> Task goal
Write every line below out again exactly, images omitted.

> Information
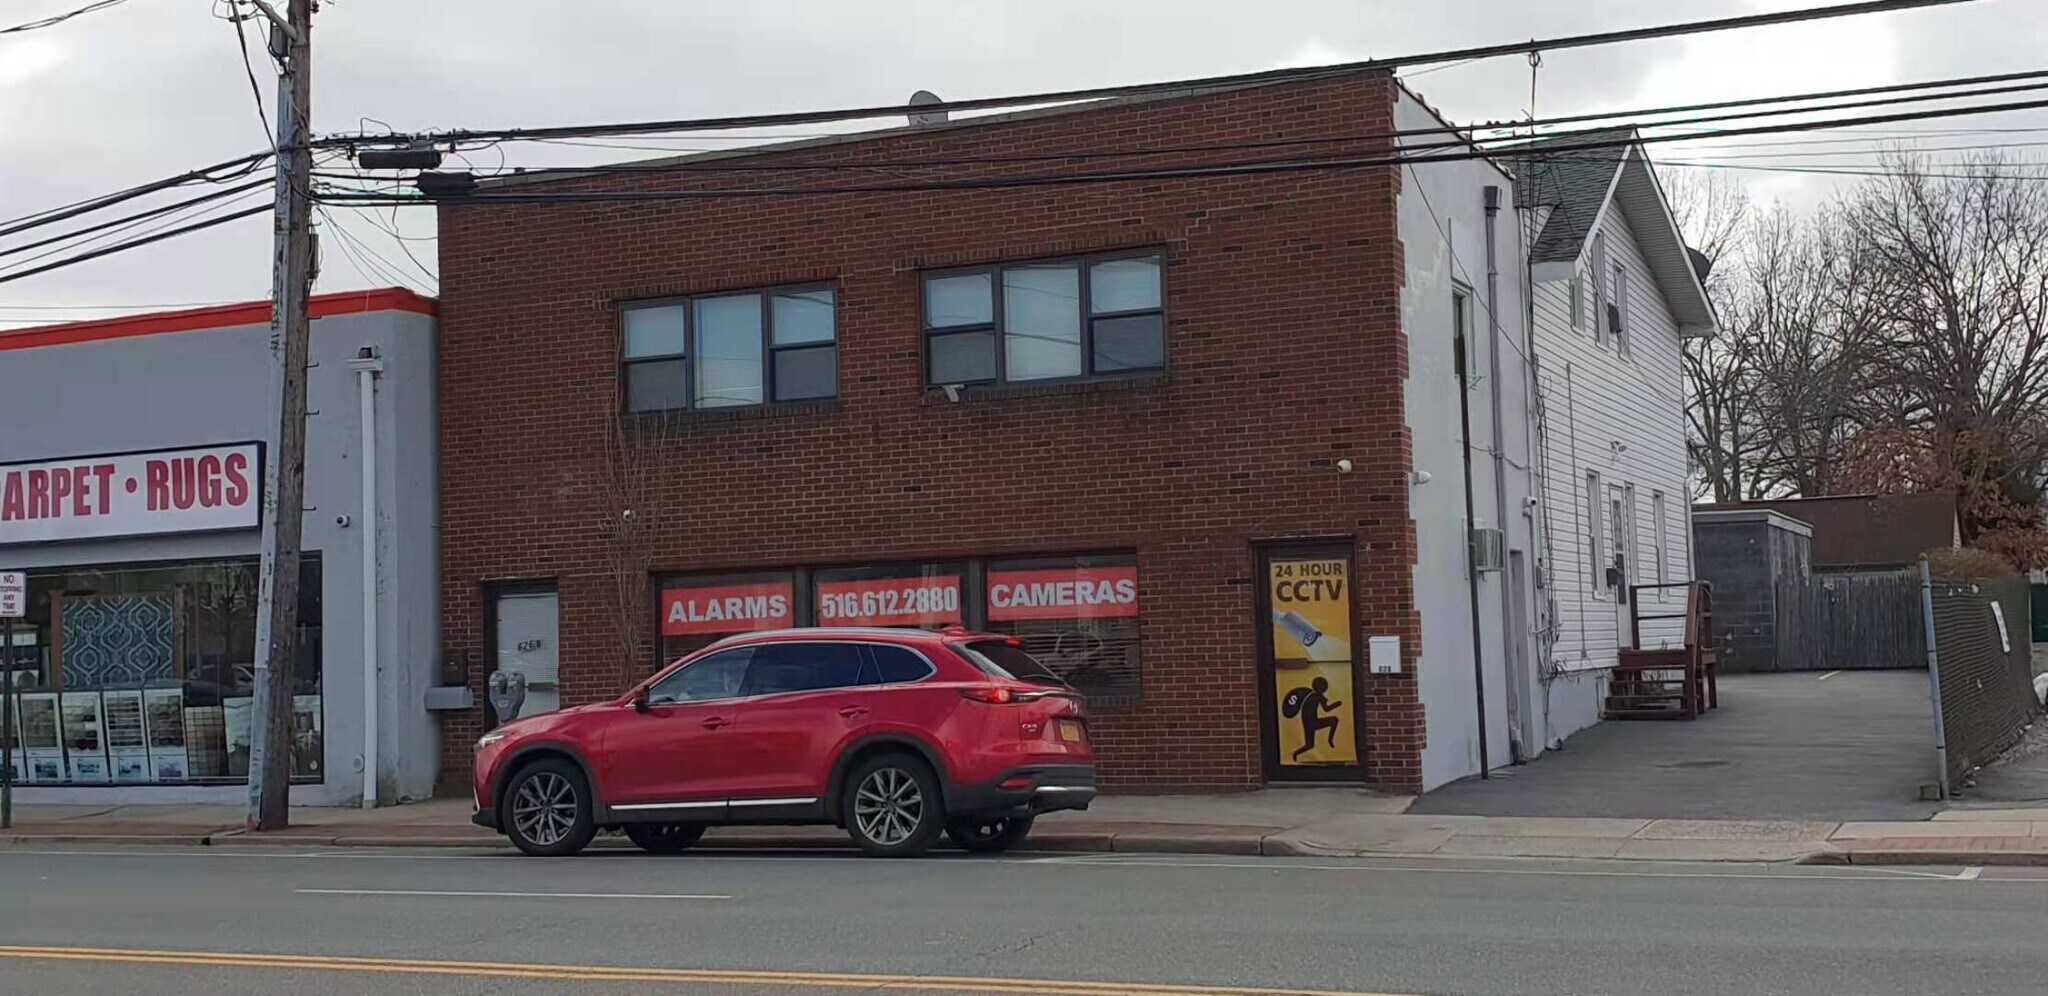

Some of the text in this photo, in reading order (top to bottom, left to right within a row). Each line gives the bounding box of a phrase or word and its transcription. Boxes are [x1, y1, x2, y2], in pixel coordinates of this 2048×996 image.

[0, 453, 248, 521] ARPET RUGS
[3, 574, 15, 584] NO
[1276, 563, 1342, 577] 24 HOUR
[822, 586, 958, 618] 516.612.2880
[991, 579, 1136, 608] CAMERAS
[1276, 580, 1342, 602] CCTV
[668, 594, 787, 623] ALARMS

> Result
Some of the text in this photo, in reading order (top to bottom, left to right within a row). Each line gives the bounding box of a phrase or word and its transcription. Boxes are [x1, y1, x2, y2], in pixel coordinates of this 2048×996 image.

[0, 453, 248, 521] ARPET RUGS
[3, 574, 15, 584] NO
[1276, 563, 1342, 577] 24 HOUR
[822, 586, 958, 618] 516.612.2880
[991, 579, 1136, 608] CAMERAS
[1276, 580, 1342, 602] CCTV
[668, 594, 787, 623] ALARMS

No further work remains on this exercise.